Applying science and technology into the agriculture and aquaculture production has been gradually improving.

Rural development in Vietnam has been acquired positive levels, such as infrastructure, health and education.

As a long- term goal, Vietnam aims to basically become an industrial country which has the modern technical facilities, high standard of living and high quality of products and services in 2020.

2.7 Natural resources

With a favorable geographical position, various topography and long coastline (3600km), Vietnam has many various kinds of natural resources, which can be seen as an advantage of the economic development. The natural resources of Vietnam can be divided into seven categories:

Land resources: Helping for the agriculture of rice production in promoting its strength. Vietnam is the largest rice exporter in the world only behind Thailand, and also has a suitable land condition to plant high value crops such as coffee, rubber. Vietnam is the third largest coffee exporters in the world after Brazil and Columbia. Vietnam exported rubber approximately $ 1 billion in 2009.

Water resources: There is much underground water and mineral water which is suitable for natural mineral production.

Marine resources: The number of seafood export is forecasted to reach $4.1billion, increased by 6.8% comparing to 2009.

Forest resources: It is important part of ecological environment, Vietnam is trying to protect its forests to keep the air fresh and regulate the climates.

Biological resources: Vietnam has a diversity of flora and fauna which can help to produce food, medicine and oil. Besides, Vietnam’s flora also has some rare wood used for exports. In 2010, Vietnam will try to increase the number of wood exports by 8%- 10%, as compared to 2009.

Mineral resources: It is spread across the country to be convenient for the exploitation, but the mining policy should be appropriate to maximize the advantages of each type of resource.

Tourism resources: There are many beautiful and exciting destinations in which local and foreign visitors can visit. In 2008, the tourism industry generated revenues up to $ 4 billion, showing the importance of tourism contribution in the economy of Vietnam, according to reports “Vietnam Tourism Industry Forecast to 2012”.

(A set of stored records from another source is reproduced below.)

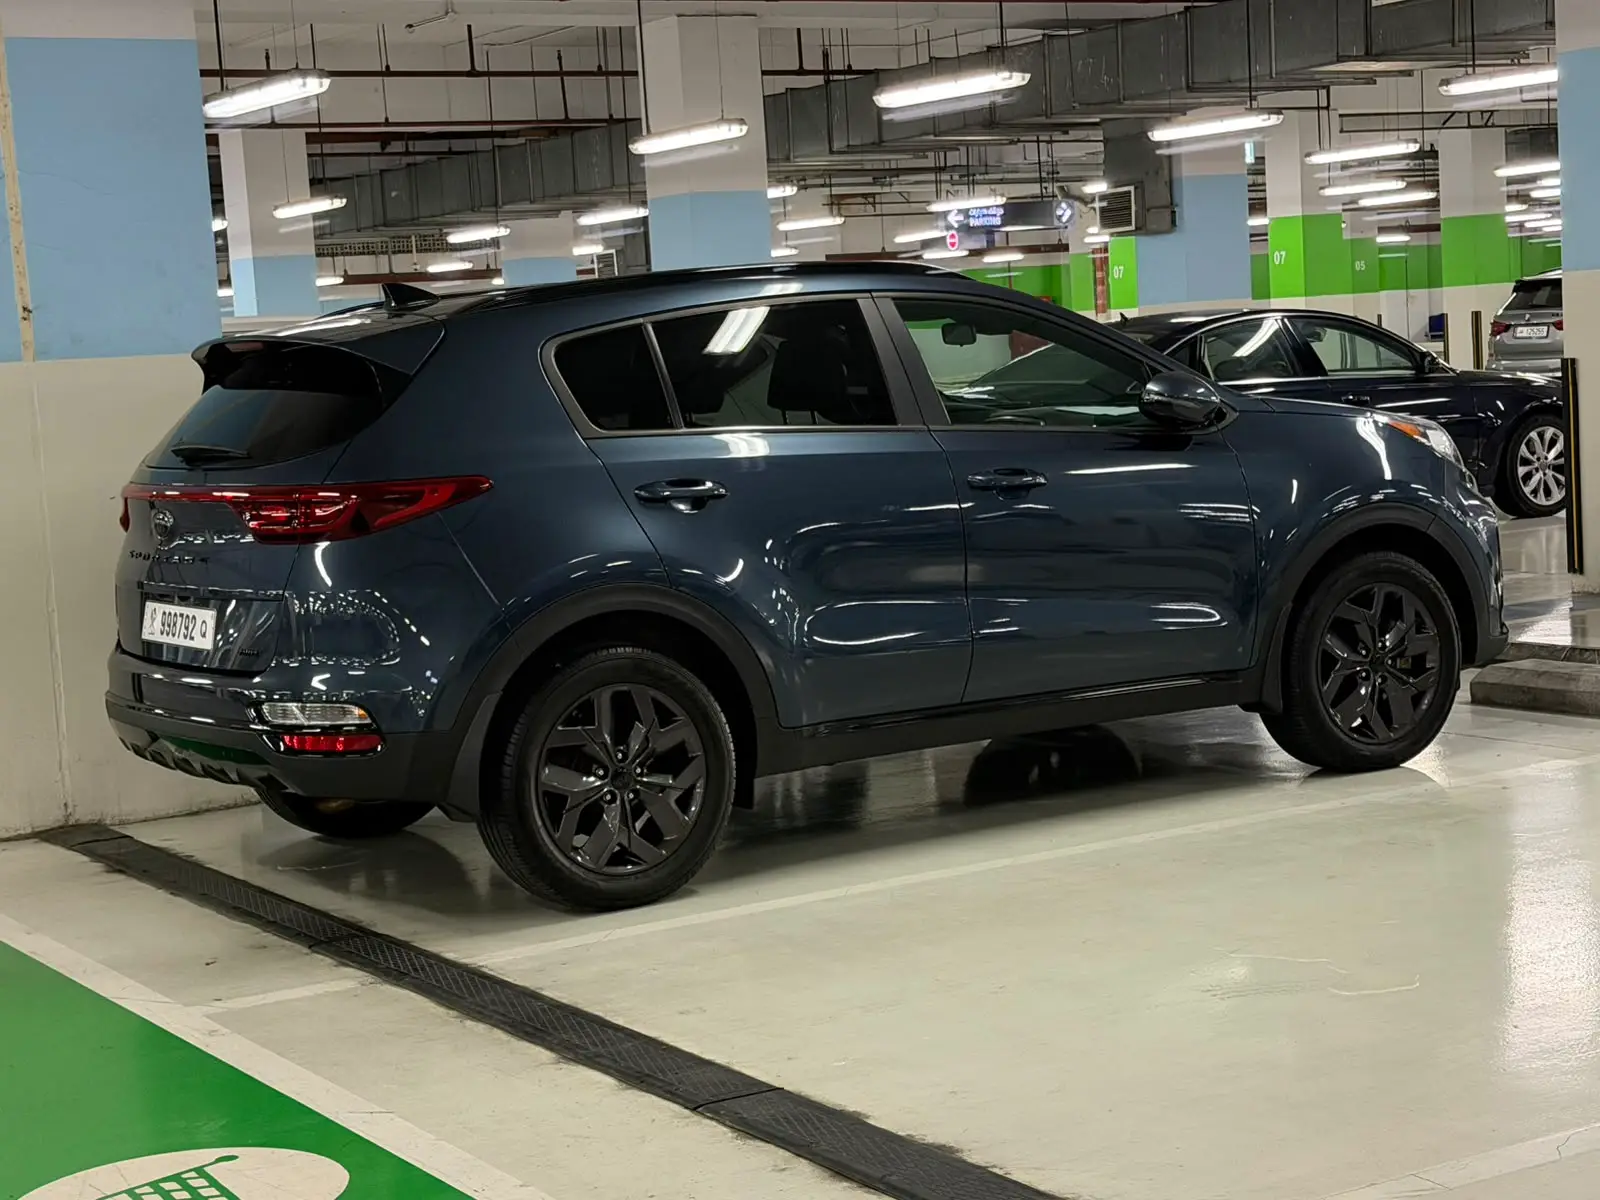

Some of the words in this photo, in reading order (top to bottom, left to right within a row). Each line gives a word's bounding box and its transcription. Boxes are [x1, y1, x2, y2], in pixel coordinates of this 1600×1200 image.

[1273, 250, 1286, 265] 07
[1113, 265, 1124, 279] 07
[1355, 260, 1366, 272] 05
[160, 610, 197, 641] 998792
[200, 619, 208, 639] Q

In general, Vietnam can take advantage of those resources to create a good business environment for itself and attract more investments from other countries. However, the Vietnamese government has not managed them well yet, so the natural resources cannot be utilized completely its functions. In order to maximize the natural resources’ benefits to the country’s economic development, all resources need to be used or utilized efficiently and effectively.

3. Conclusion

The growth of Vietnam’s economy in recent years has attracted much attention of multinational companies, especially in IT fields, including: Intel, Samsung, Sony, Dell, and Cannon, etc, putting their establishment in production facilities and creating a dynamic IT industry. So, Vietnamese companies have a higher chance in absorbing the essence of many innovative ideas and technologies from them. In 2010, Vietnam aims to reach 6.5% in GDP. The change in a positive number of GDP can tell us that Vietnam is on the way of improving the health and growth of the economy after the global economic recession (2008). In contrast, the government is trying to keep the CPI rate stable at 8.3%, and also bring the inflation rate down up to 7%. Moreover, the government also has some plans to create a business environment for investors in order to increase FDI; the more investments in projects, the more our country’s assets will be developed. In the meantime, taking into account the labor force can be thought as much essential as enhancing well-being of economy. And the factor of natural resources also plays an important role in Vietnam’s economic development.

In general, Vietnam is in progress of recovering the economy and getting ready to deal with any obstacles in the future. Now, nothing can stop Vietnam from becoming stronger and stronger; especially since it has been successfully gotten through all of the challenges in 2008 and 2009. So, there is no doubt that Vietnam will be a potential candidate for the next Asian tiger in the coming years.